A possível candidatura do vice-governador Lucas Ribeiro ao Governo da Paraíba parece não empolgar nem mesmo dentro da própria base aliada. Nos bastidores, a revelação de que os deputados federais Aguinaldo Ribeiro (PP) e Hugo Motta (Republicanos) teriam firmado um acordo para destinar cerca de R$ 59 milhões ao financiamento da candidatura de João Azevêdo ao Senado desencadeou uma corrida por recursos entre deputados estaduais e prefeitos governistas.
Segundo fontes da Assembleia Legislativa, parlamentares aliados avaliam que, se esse aporte milionário realmente se concretizar, eles também precisam receber parte da verba para “fortalecer” a imagem de Lucas Ribeiro e apoiar João Azevêdo na disputa pelo Senado. “Se há compromisso financeiro, nós, que representamos as bases, precisamos ser contemplados. Sem isso, fica difícil levantar o nome de Lucas e sustentar o projeto do governador”, afirmou um deputado, sob condição de anonimato.
A movimentação acende alertas sobre o desgaste ético e moral do governador, que, aos olhos da opinião pública, pode estar priorizando acordos financeiros em detrimento de pautas programáticas. O clima de desconfiança é reforçado pela percepção de que Aguinaldo Ribeiro estaria “comprando” influência sobre o governo, garantindo carta branca para viabilizar a candidatura de Lucas Ribeiro.

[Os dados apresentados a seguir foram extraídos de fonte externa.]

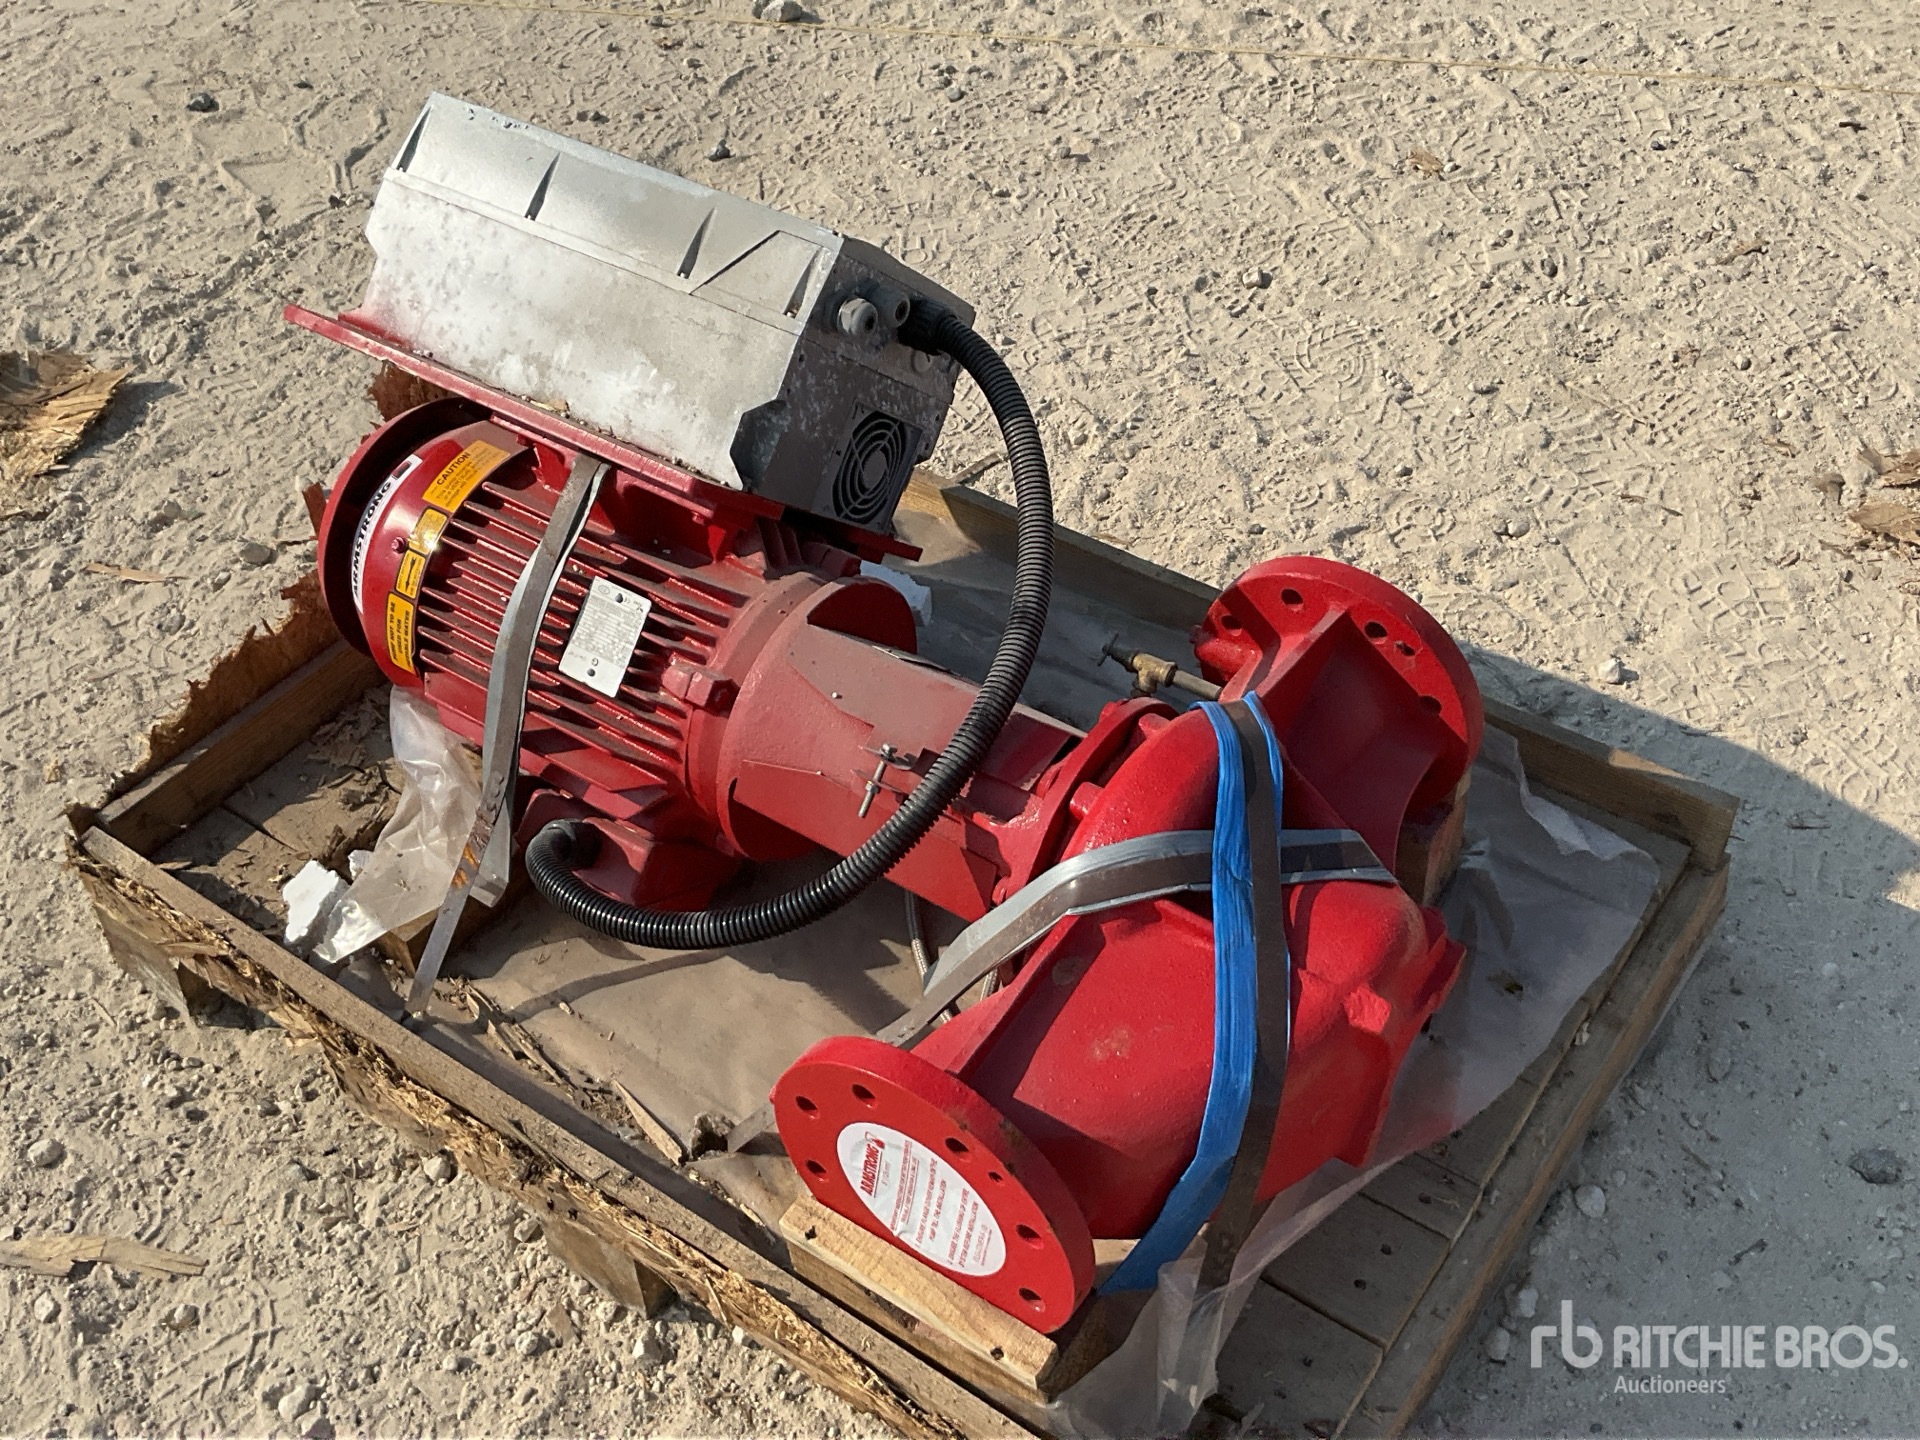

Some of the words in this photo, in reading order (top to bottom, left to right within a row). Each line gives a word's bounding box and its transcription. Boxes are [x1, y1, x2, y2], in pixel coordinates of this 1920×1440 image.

[436, 452, 471, 485] CAUTION
[352, 482, 391, 599] ARMSTRONG
[860, 1143, 878, 1195] ARMSTRONG

A tensão não se limita ao Legislativo. Prefeitos da base governista também querem sua parte no “bolo milionário” — seja via convênios para obras públicas, seja por repasses diretos para custear campanhas. O próprio PSB, partido presidido por João Azevêdo, enfrenta resistência interna. Pré-candidatos proporcionais avaliam que a saída de João do governo poderá provocar uma debandada e enfraquecer a chapa governista.